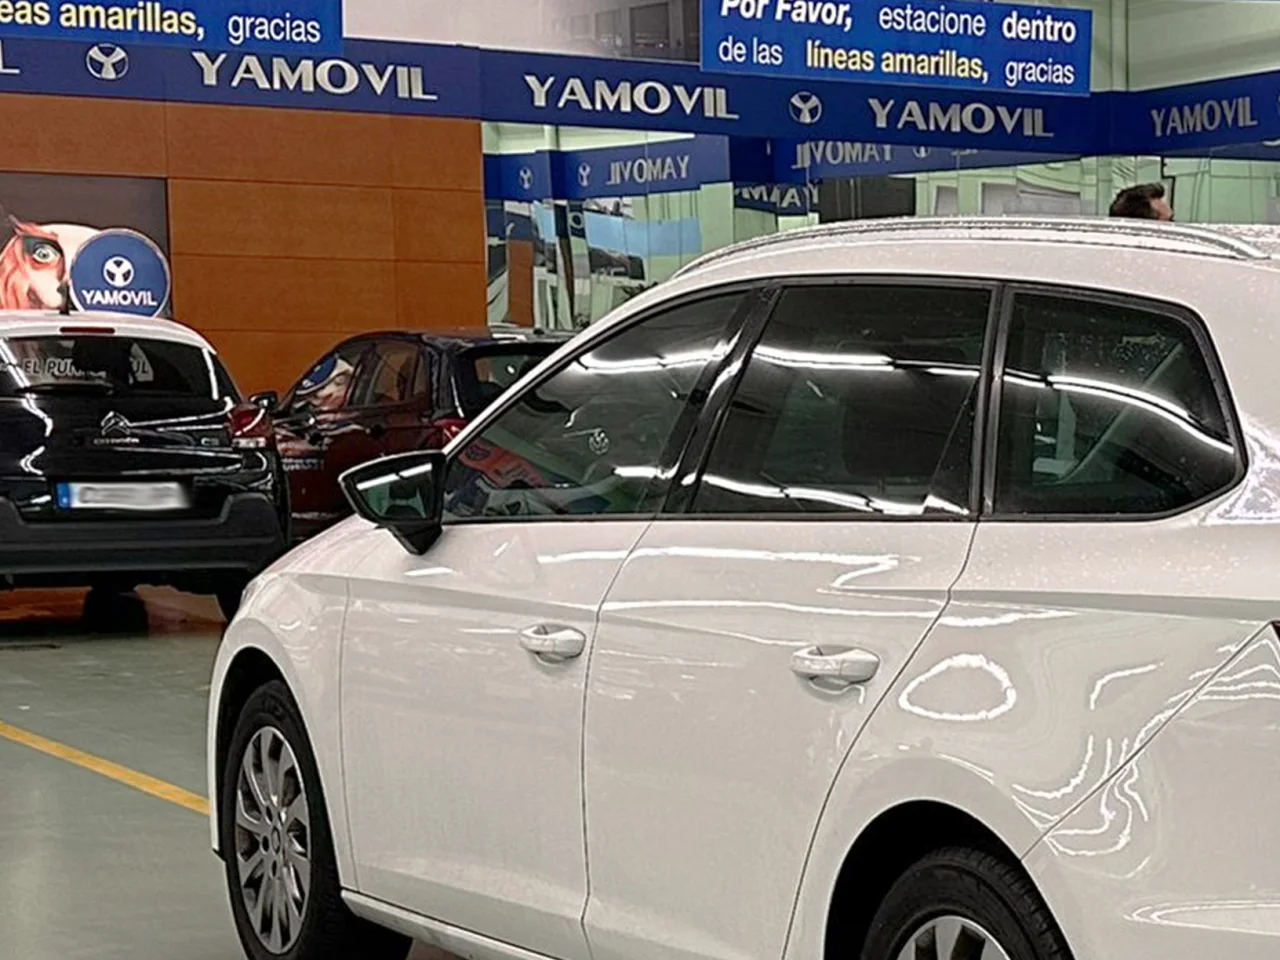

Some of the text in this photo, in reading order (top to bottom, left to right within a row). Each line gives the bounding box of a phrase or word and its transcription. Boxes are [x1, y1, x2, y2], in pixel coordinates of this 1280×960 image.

[59, 2, 205, 40] amarillas,
[227, 13, 321, 44] gracias
[720, 0, 1076, 43] Por Favor, estacione dentro
[192, 51, 438, 100] YAMOVIL
[719, 36, 1075, 87] de las líneas amarillas, gracias
[524, 75, 739, 120] YAMOVIL
[868, 97, 1054, 137] YAMOVIL
[1151, 96, 1257, 138] YAMOVIL
[82, 289, 157, 307] YAMOVIL

--------------------------------

* WORK INSTRUCTIONS *
Working from the listing above, retype it exactly but include no images.

* COMPLETED EXERCISE *
Some of the text in this photo, in reading order (top to bottom, left to right within a row). Each line gives the bounding box of a phrase or word and its transcription. Boxes are [x1, y1, x2, y2], in pixel coordinates of this 1280×960 image.

[59, 2, 205, 40] amarillas,
[227, 13, 321, 44] gracias
[720, 0, 1076, 43] Por Favor, estacione dentro
[192, 51, 438, 100] YAMOVIL
[719, 36, 1075, 87] de las líneas amarillas, gracias
[524, 75, 739, 120] YAMOVIL
[868, 97, 1054, 137] YAMOVIL
[1151, 96, 1257, 138] YAMOVIL
[82, 289, 157, 307] YAMOVIL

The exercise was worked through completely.